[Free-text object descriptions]
■ ■ ■ ■
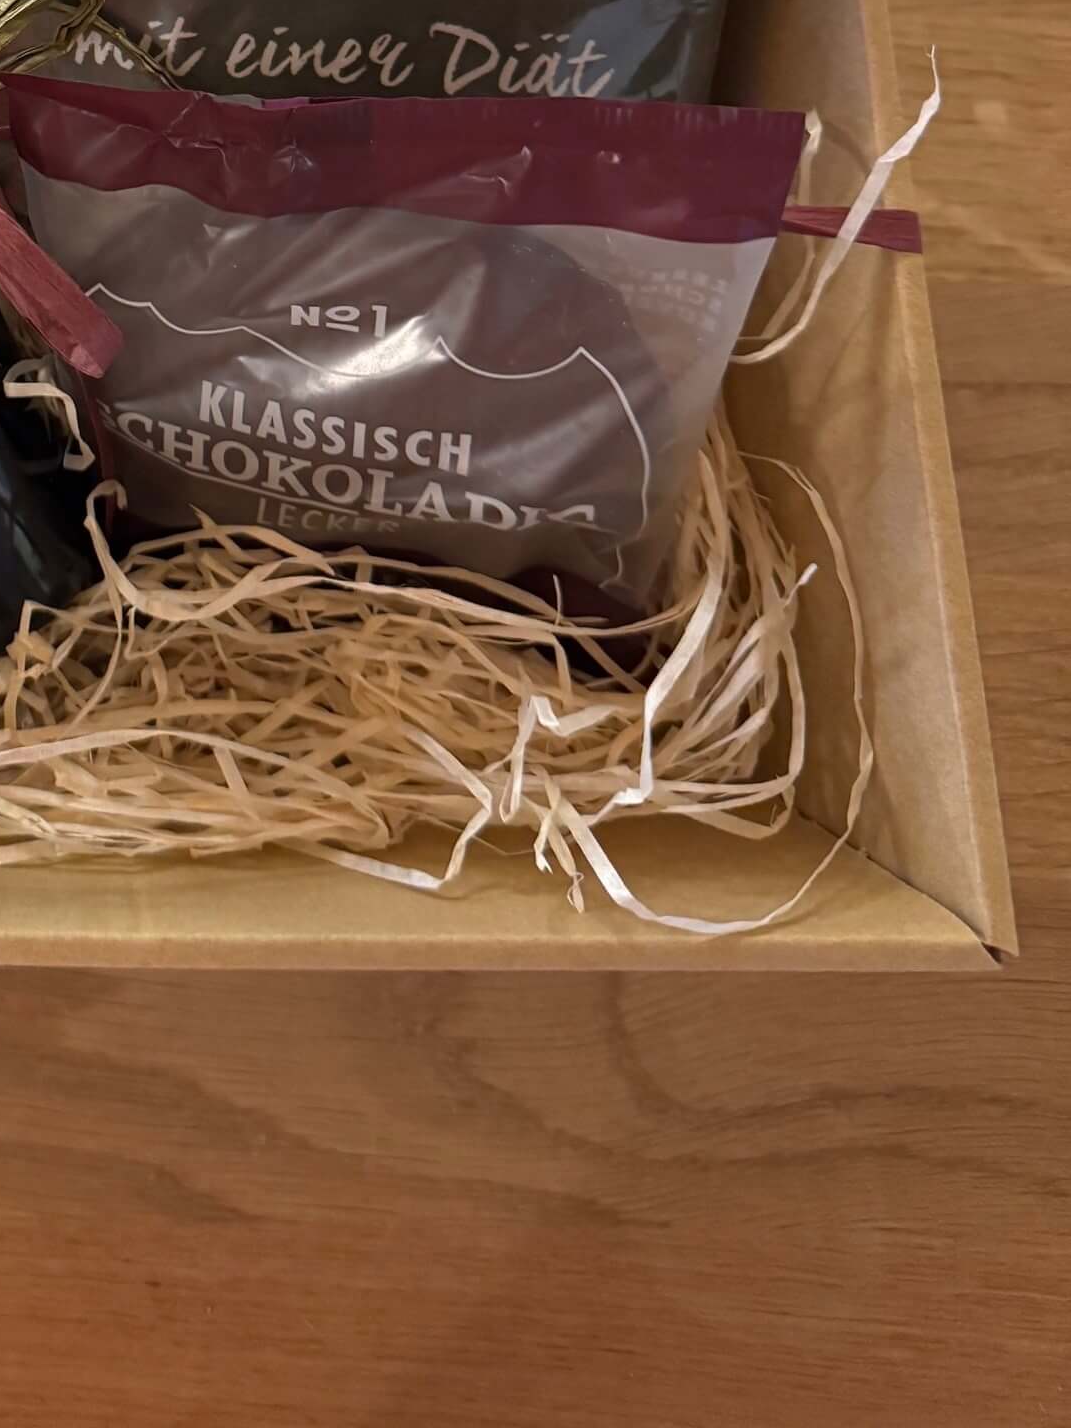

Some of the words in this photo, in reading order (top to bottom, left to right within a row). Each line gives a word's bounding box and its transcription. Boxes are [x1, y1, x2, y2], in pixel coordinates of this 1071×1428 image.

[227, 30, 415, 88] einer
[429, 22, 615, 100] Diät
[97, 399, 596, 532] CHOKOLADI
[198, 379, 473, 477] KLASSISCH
■ ■ ■ ■
— What the task requires —
Hand back all the entries exactly, leaving out the pictures.

— Task solution —
Some of the words in this photo, in reading order (top to bottom, left to right within a row). Each line gives a word's bounding box and its transcription. Boxes are [x1, y1, x2, y2], in pixel coordinates of this 1071×1428 image.

[227, 30, 415, 88] einer
[429, 22, 615, 100] Diät
[97, 399, 596, 532] CHOKOLADI
[198, 379, 473, 477] KLASSISCH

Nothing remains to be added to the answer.